● TASK STATEMENT:
Set down each entry below exactly as written, keeping the pictures out.

● Spatial localization data:
══════
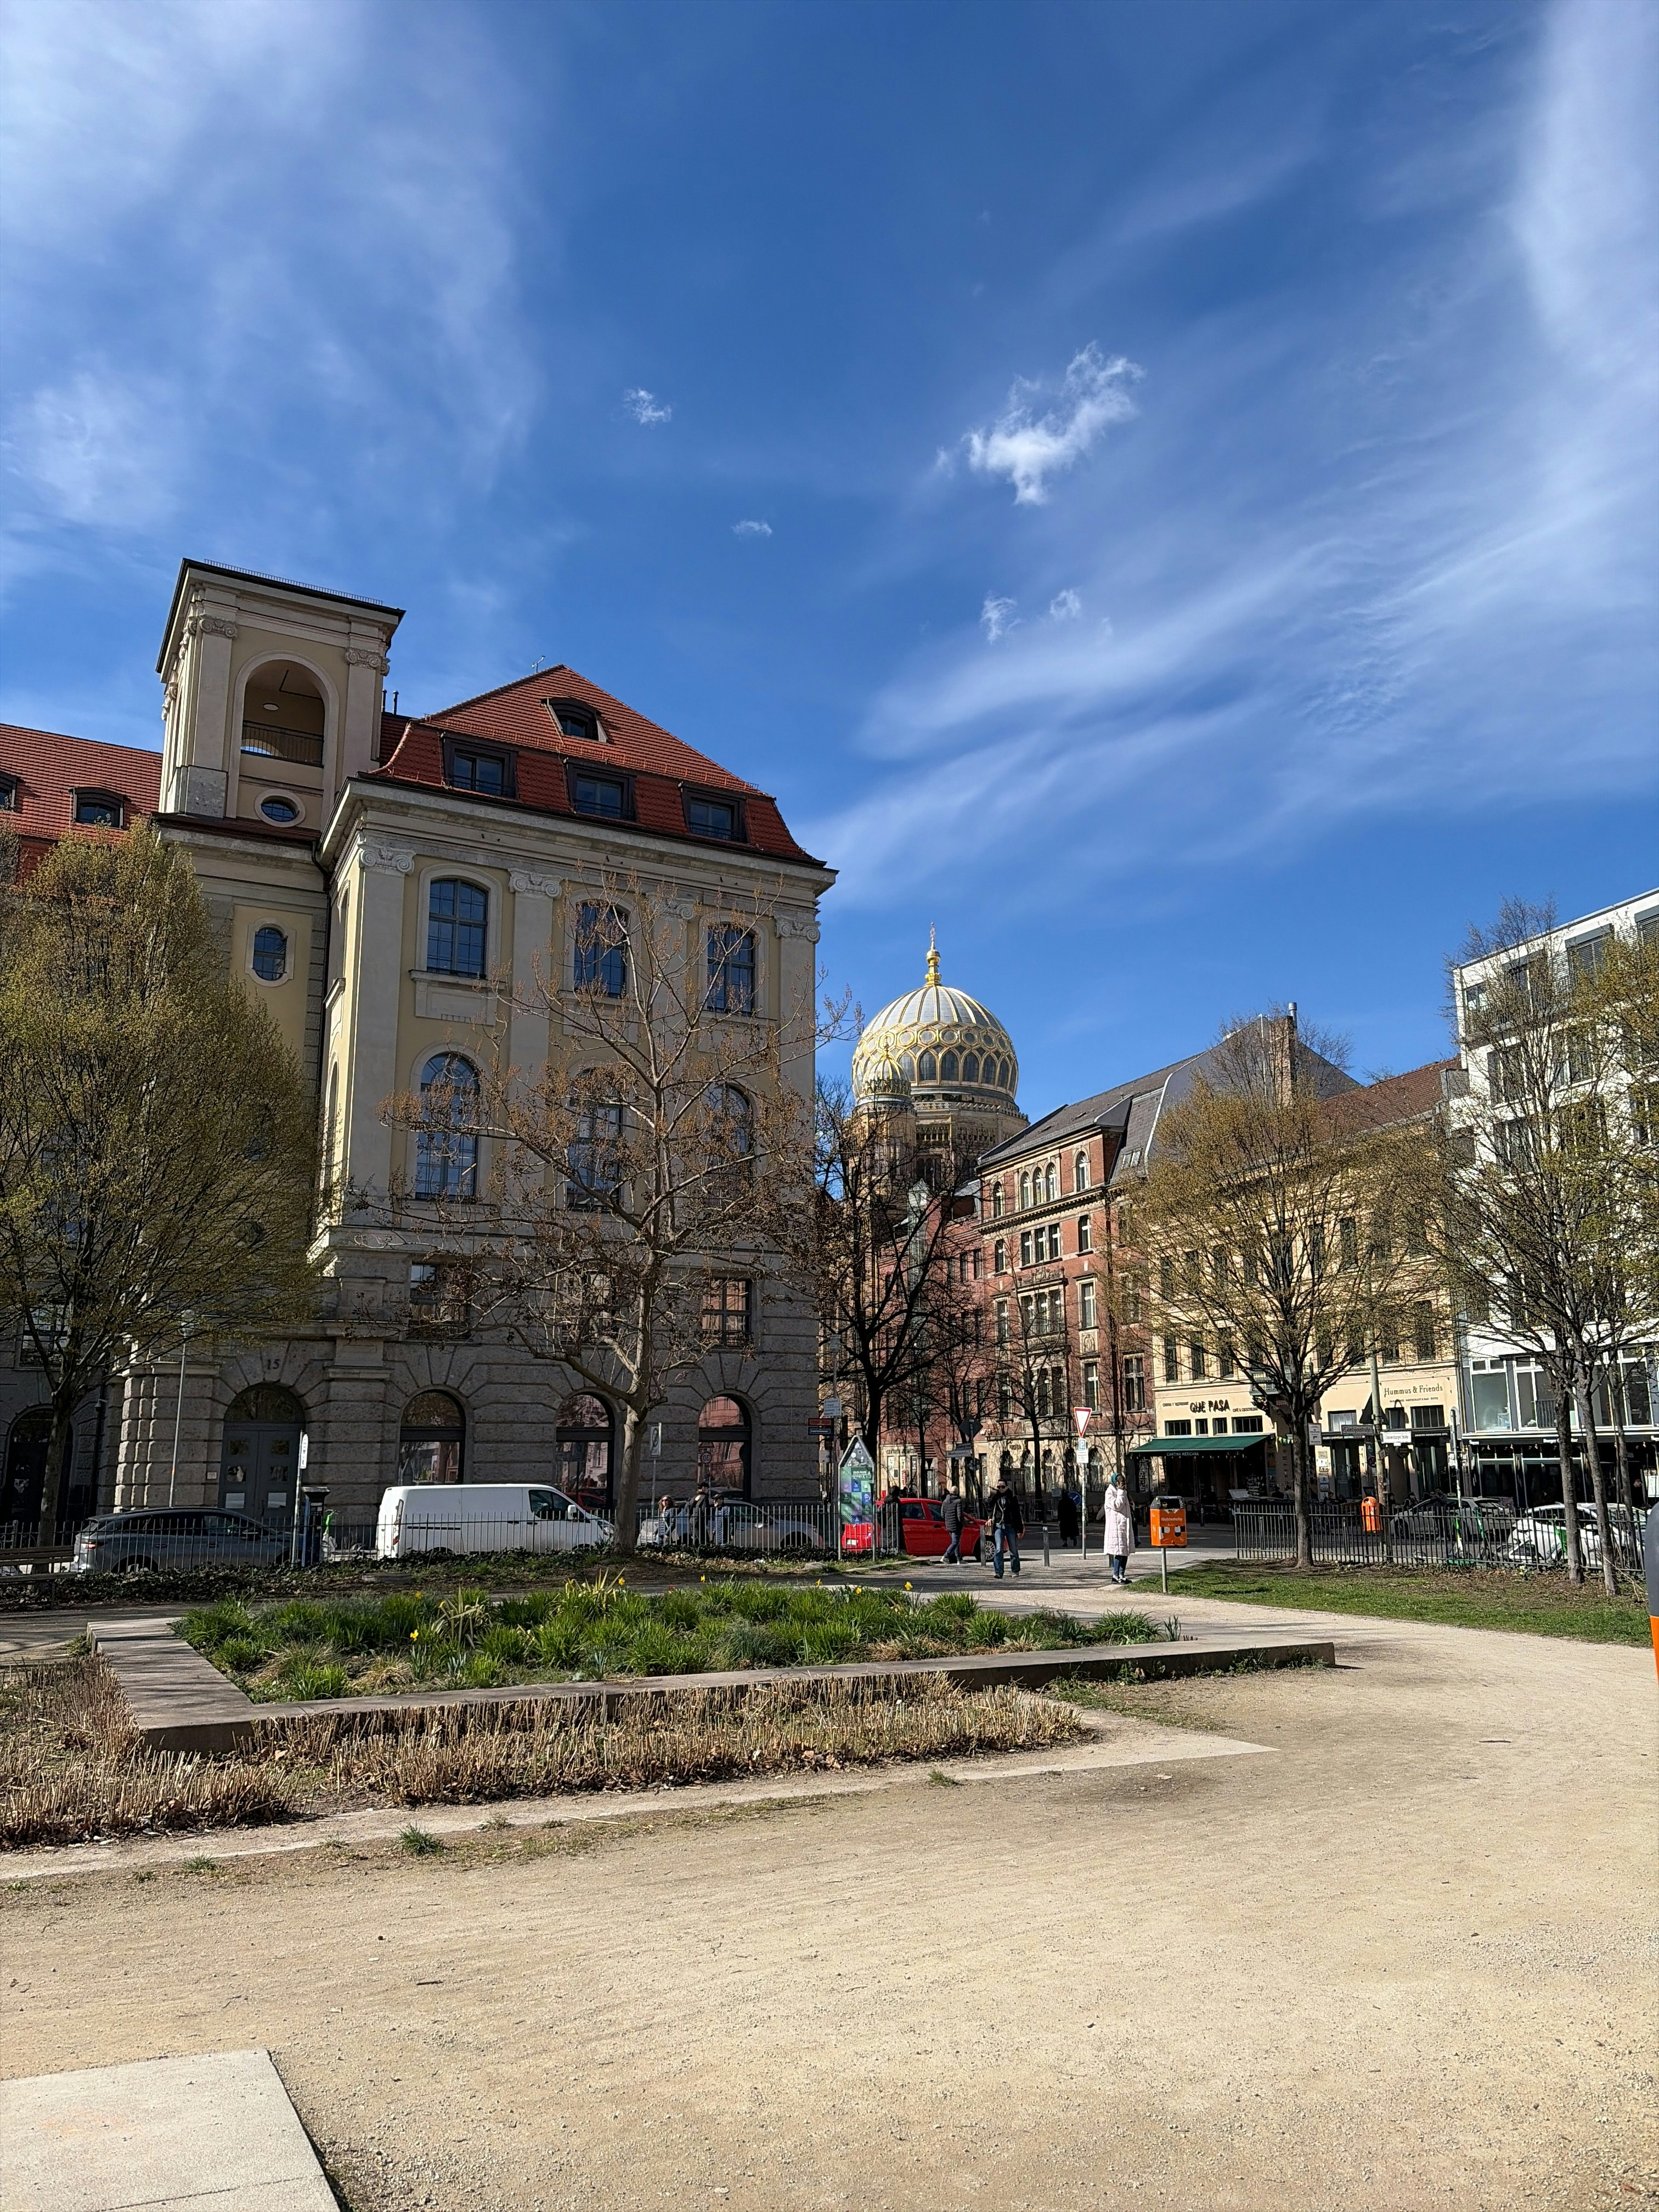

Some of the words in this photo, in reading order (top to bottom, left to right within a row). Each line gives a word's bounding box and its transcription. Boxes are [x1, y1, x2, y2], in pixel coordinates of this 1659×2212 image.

[266, 1359, 280, 1370] 15
[1419, 1383, 1443, 1393] Friends
[1190, 1401, 1206, 1413] QUE
[1208, 1400, 1231, 1413] PASA
══════
● WRITTEN RESPONSE:
Some of the words in this photo, in reading order (top to bottom, left to right within a row). Each line gives a word's bounding box and its transcription. Boxes are [x1, y1, x2, y2], in pixel coordinates of this 1659×2212 image.

[266, 1359, 280, 1370] 15
[1419, 1383, 1443, 1393] Friends
[1190, 1401, 1206, 1413] QUE
[1208, 1400, 1231, 1413] PASA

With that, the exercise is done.